Il Quarantasettesimo Rapporto del Censis sulla situazione sociale italiana fotografa un paese che per uscire dalla crisi sembra volersi aggrappare alla speranza e alla connettività.
Indipendentemente dalle istituzioni, che si rivelano nude dietro a manovre che sembrano essere anti-crisi solo nel nome, e da una società di “malcontenti, quasi infelici” perché sempre più si vive “un grande, inatteso ampliamento delle diseguaglianze sociali”, insomma, il Censis vede l’economia digitale come uno dei possibili salvagenti.
Secondo i dati raccolti, la grande vittima della congiunzione economica altamente negativa degli ultimi anni è sempre più il ceto medio: il che significa da un lato un’estremizzazione della società che crea rancore e senso di ingiustizia, dall’altro nuove forme di imprenditorialità tra cui quella delle donne, degli stranieri e quella legata alla dinamicità delle centinaia di migliaia di italiani che studiano e/o lavorano all’estero e degli operatori dell’economia digitale .
D’altra parte, pur essendo connesso solo il 21 per cento degli anziani con la televisione che si conferma regina dei media, gli utenti Internet sono il 63,5 per cento degli italiani: un buon numero anche se significa una crescita pari solo all’ 1,4 per cento rispetto al 2012 .
Nel dettaglio il 90 per cento degli under 30 italiani è in Rete, il 75 per cento è iscritto a Facebook, il 66 per cento usa lo smartphone (contro il 39,9 per cento dell’intera popolazione), quasi la metà guarda Web tv e il 5,2 per cento legge ebook (dato in crescita del 2,5 per cento rispetto all’anno precedente). Per quanto riguarda il lavoro, il 15,3 per cento lo cerca online (un aumento del 5,3 per cento nell’ultimo anno) e tra i disoccupati la percentuale arriva al 46,5 per cento.
Inoltre la digitalizzazione dei servizi e la diffusione delle tecnologie apportano semplificazioni nella vita di tutti i giorni: arriva al 68 per cento la popolazione che cerca online aziende, prodotti e servizi e al 54 per cento chi paga utenze online (numero a cui bisogna aggiungere un nove per cento che va in tabaccheria).
L’economia digitale, pur rappresentando ancora solo il 3 per cento del PIL , è dunque un settore dinamico che dà respiro alla ripresa ed influenza la società: questo grazie alle reti infrastrutturali di nuova generazione (NGN, 4G, Fttx, con l’ADSL come tipo di connessione più diffusa, che raggiunge il 62,9 per cento dei netizen), alle possibilità offerte dall’ecommerce, all’elaborazione di grandi masse di dati, agli applicativi basati sulla localizzazione geografica e alla crescita di quello che viene definito artigianato digitale .

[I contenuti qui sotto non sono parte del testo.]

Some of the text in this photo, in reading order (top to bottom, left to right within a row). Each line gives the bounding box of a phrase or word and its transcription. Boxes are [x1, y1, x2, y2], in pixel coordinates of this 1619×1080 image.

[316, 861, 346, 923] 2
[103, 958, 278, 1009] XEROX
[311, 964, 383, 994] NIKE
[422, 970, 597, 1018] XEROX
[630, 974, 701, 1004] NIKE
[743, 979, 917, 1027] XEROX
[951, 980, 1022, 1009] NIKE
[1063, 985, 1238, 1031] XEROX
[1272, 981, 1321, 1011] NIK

Con queste trasformazioni si rimodella anche la società che sembra stia superando “progressivamente l’individualismo e l’egoismo particolaristico” per diventare sempre più connessa.

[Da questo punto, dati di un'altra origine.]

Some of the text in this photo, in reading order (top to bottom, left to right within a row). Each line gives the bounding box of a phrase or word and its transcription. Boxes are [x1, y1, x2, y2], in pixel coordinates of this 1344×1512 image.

Il tutto nonostante il (mancato) ruolo delle istituzioni, che non riescono “a fare connettività, perché sono autoreferenziali, avvitate su se stesse, condizionate dagli interessi delle categorie, avulse dalle dinamiche che dovrebbero regolare”, e della politica, “scivolata verso l’antagonismo, la personalizzazione del potere, la vocazione maggioritaria, la strumentalizzazione delle istituzioni e la prigionia decisionale in logiche semplificate e rigide (dalla selva dei decreti legge all’uso continuato dei voti di fiducia)”. È questo circolo vizioso e questo scollamento dalla realtà che impedisce a chi governa di analizzare la situazione ed aiutare il settore digitale come meriterebbe , come potrebbe, per esempio, fare, con politiche fiscali ad hoc oppure semplificazioni normative per l’ecommerce.